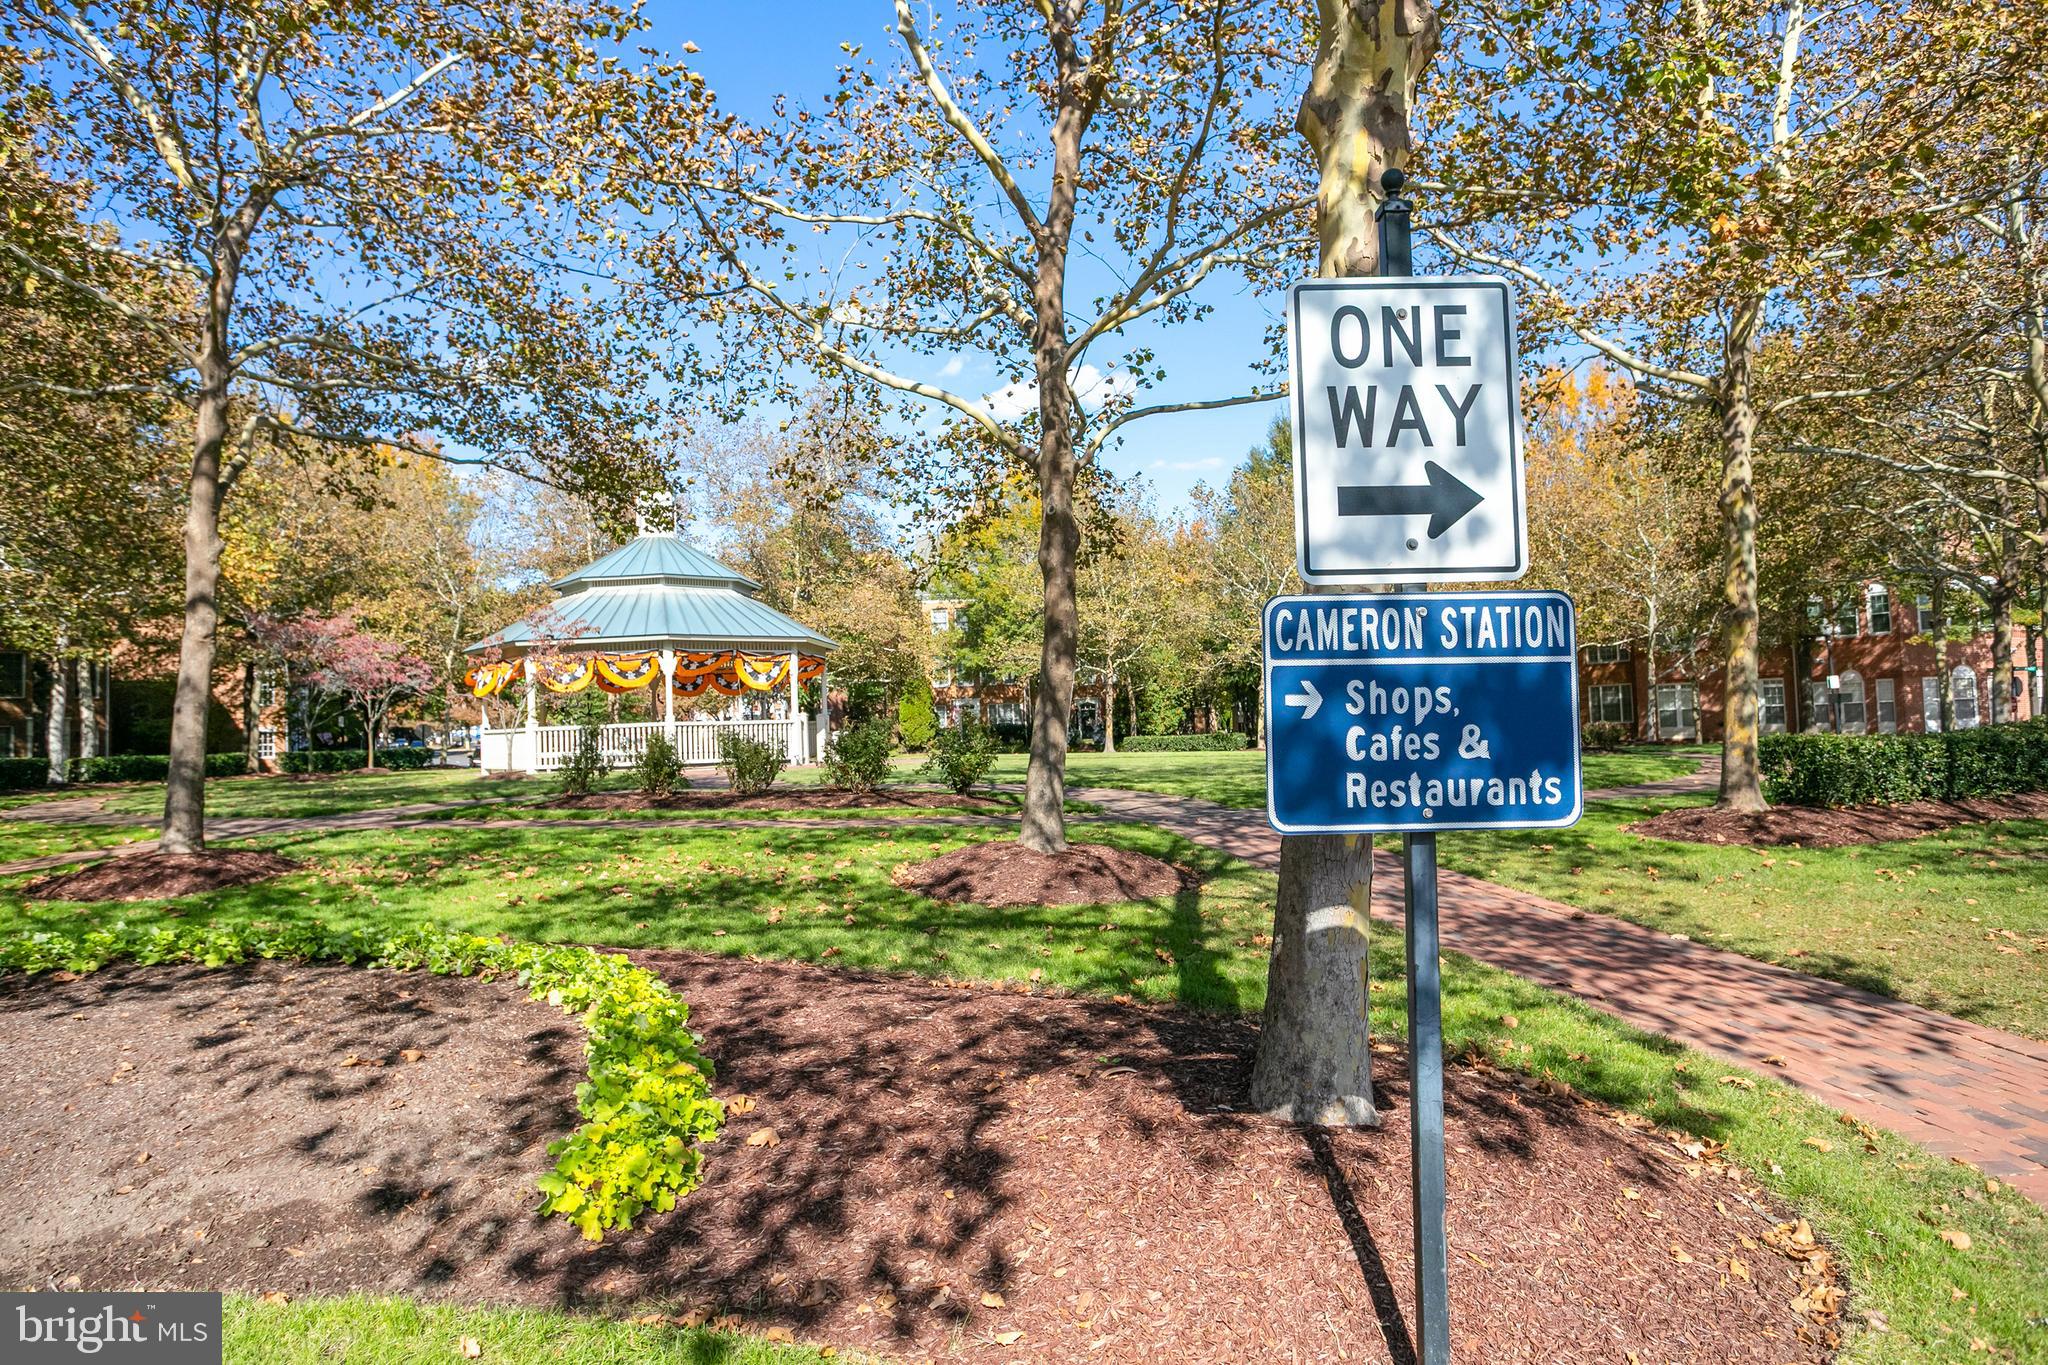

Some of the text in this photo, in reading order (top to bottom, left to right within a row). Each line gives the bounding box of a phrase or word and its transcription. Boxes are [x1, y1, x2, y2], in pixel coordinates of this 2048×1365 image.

[1329, 304, 1472, 369] ONE
[1326, 383, 1483, 449] WAY
[1275, 606, 1566, 653] CAMERON STATION
[1345, 679, 1460, 726] Shops,
[1345, 723, 1491, 763] Cafes &
[1345, 768, 1563, 810] Restaurants
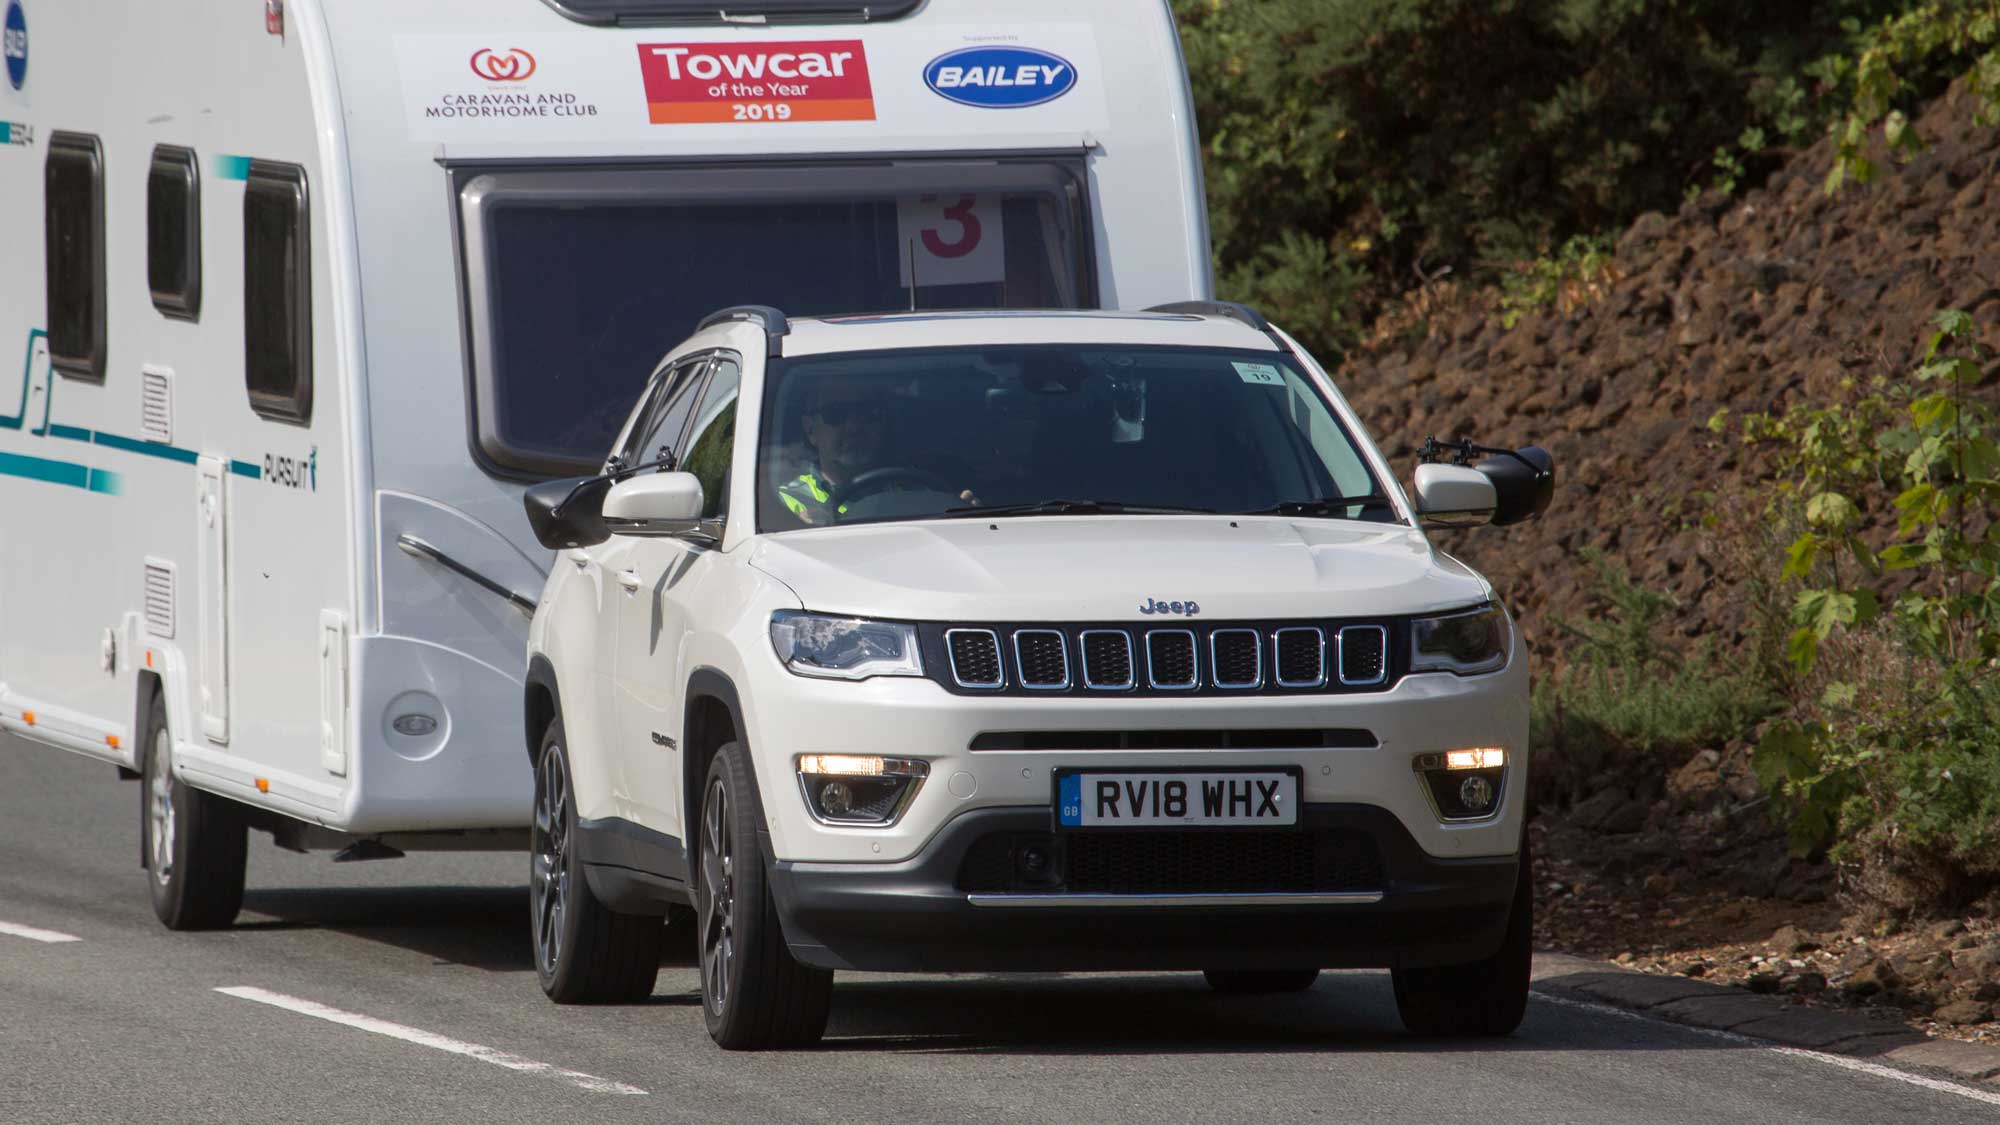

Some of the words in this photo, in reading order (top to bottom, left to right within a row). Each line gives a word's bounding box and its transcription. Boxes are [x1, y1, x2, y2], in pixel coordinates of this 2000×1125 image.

[652, 47, 852, 80] Towcar
[935, 64, 1065, 88] BAILEY
[442, 94, 530, 106] CARAVAN
[536, 93, 576, 104] AND
[708, 83, 728, 97] of
[731, 83, 764, 96] the
[767, 82, 809, 96] Year
[426, 106, 548, 118] MOTORHOME
[553, 105, 598, 116] CLUB
[732, 103, 791, 120] 2019
[920, 193, 982, 258] 3
[263, 453, 308, 489] PURSUIT
[1139, 597, 1200, 617] Jeep
[1096, 781, 1187, 818] RV18
[1202, 780, 1280, 818] WHX
[1064, 806, 1079, 817] GB

------------------------------

## Exercise
Reproduce each entry exactly as written, but leave out the images.

## Exercise solution
Some of the text in this photo, in reading order (top to bottom, left to right within a row). Each line gives the bounding box of a phrase or word and its transcription. Boxes are [x1, y1, x2, y2], in pixel coordinates of this 2048×1365 image.

[1329, 304, 1472, 369] ONE
[1326, 383, 1483, 449] WAY
[1275, 606, 1566, 653] CAMERON STATION
[1345, 679, 1460, 726] Shops,
[1345, 723, 1491, 763] Cafes &
[1345, 768, 1563, 810] Restaurants

Some of the words in this photo, in reading order (top to bottom, left to right within a row). Each line gives a word's bounding box and its transcription. Boxes are [x1, y1, x2, y2], in pixel coordinates of this 2000×1125 image.

[652, 47, 852, 80] Towcar
[935, 64, 1065, 88] BAILEY
[442, 94, 530, 106] CARAVAN
[536, 93, 576, 104] AND
[708, 83, 728, 97] of
[731, 83, 764, 96] the
[767, 82, 809, 96] Year
[426, 106, 548, 118] MOTORHOME
[553, 105, 598, 116] CLUB
[732, 103, 791, 120] 2019
[920, 193, 982, 258] 3
[263, 453, 308, 489] PURSUIT
[1139, 597, 1200, 617] Jeep
[1096, 781, 1187, 818] RV18
[1202, 780, 1280, 818] WHX
[1064, 806, 1079, 817] GB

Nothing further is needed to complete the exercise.